ACTE I
Au lever du rideau, Raymond s’apprête à sortir, il s’est mis sur son 31, style un peu vieillot quand même. Il a l’air impatient. Pépé dort dans son lit, presque assis tellement il a d’oreillers derrière la tête. On voit ses pieds sales qui dépassent au bout du lit, face au public.
Raymond, s’agitant dans tous les sens. – Qu’est-ce qu’il fout ? Mais, qu’est-ce qu’il fout ? Non mais, qu’est-ce qu’il fout ? On va rater le début, enfin !
Claudine, entrant côté couloir, balayant tout en douceur, caressant le sol avec le balai en chantonnant. – Un jour, mon prince charmant reviendra… Un jour, mon prince charmant reviendra…
Raymond, un peu vexé, se raclant la gorge assez fort pour montrer qu’il est là. – Oui, ben, je suis là, moi… (Et voyant qu’elle ne lui prête guère d’attention.) Oh, oh, Claudine, je suis là…
Claudine, elle prend son balai en guise de cavalier et se met à valser avec lui. – Un jour, mon prince charmant reviendra… Un jour, mon prince charmant reviendra…
Raymond, la stoppant net. – Stop !... T’es tombée amoureuse de ton balai, ou quoi ?!
Claudine. – On peut rêver un peu, non…
Raymond. – C’est vexant, Claudine, je t’assure ! Voilà maintenant quarante ans qu’on est mariés, et tu fredonnes : « Un jour, mon prince charmant reviendra », comme si… Avoue que c’est un peu… Enfin, pas très…

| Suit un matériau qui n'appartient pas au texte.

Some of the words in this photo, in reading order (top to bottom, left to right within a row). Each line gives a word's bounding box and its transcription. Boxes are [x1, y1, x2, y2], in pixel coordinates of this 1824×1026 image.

Claudine. – Ah, mais c’est pas contre toi, Raymond ! C’est juste que, quand je regarde le DVD de Blanche-Fesse et les p’tits nains, ça me rend… ça me rend…
Raymond. – ça te rend… toute bizarre ! D’ailleurs, qu’est-ce qu’ils ont été l’appeler « Blanche-Fesse » ? Avoue que c’est un drôle de nom quand même !

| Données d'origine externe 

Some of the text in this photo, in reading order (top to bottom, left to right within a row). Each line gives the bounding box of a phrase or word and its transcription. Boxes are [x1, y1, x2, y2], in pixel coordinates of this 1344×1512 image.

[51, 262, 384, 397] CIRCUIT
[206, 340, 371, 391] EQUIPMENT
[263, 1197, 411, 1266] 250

Claudine. – Rapport à qu’elle sort jamais de chez elle, donc elle voit jamais le soleil ! Tu comprends bien que c’est très imaginé.
Raymond. – Mais, pourquoi elle y sort jamais de chez elle ?
Claudine. – Parce qu’elle y attend son prince charmant qui est parti combattre un dragon !
Raymond, pas convaincu. – Pffuuu ! N’importe quoi…
Claudine. – Et toi, on dirait que t’attends quelqu’un aussi ?
Raymond. – Pas le prince charmant, j’t’assure ! J’attends le maire !
Claudine. – Ah oui, c’est vrai, on est dimanche après-midi… (Balayant autour de lui maintenant.)
Raymond, que ça fait éternuer. – At… Atchoum !
Claudine, s’arrêtant de balayer. – Comme le nain !
Raymond, ne comprenant pas. – Comme le nain ?
Claudine. – Oui, le nain, dans Blanche-Fesse, il s’appelle Atachoum !
Raymond, éternuant à nouveau. – Atachoum !
Claudine. – C’est ça, Atachoum…
Raymond, éternuant une fois de plus. – At… Atchoum ! Ah, mais, tu fais voler la poussière, là ! Arrête de balayer cinq minutes !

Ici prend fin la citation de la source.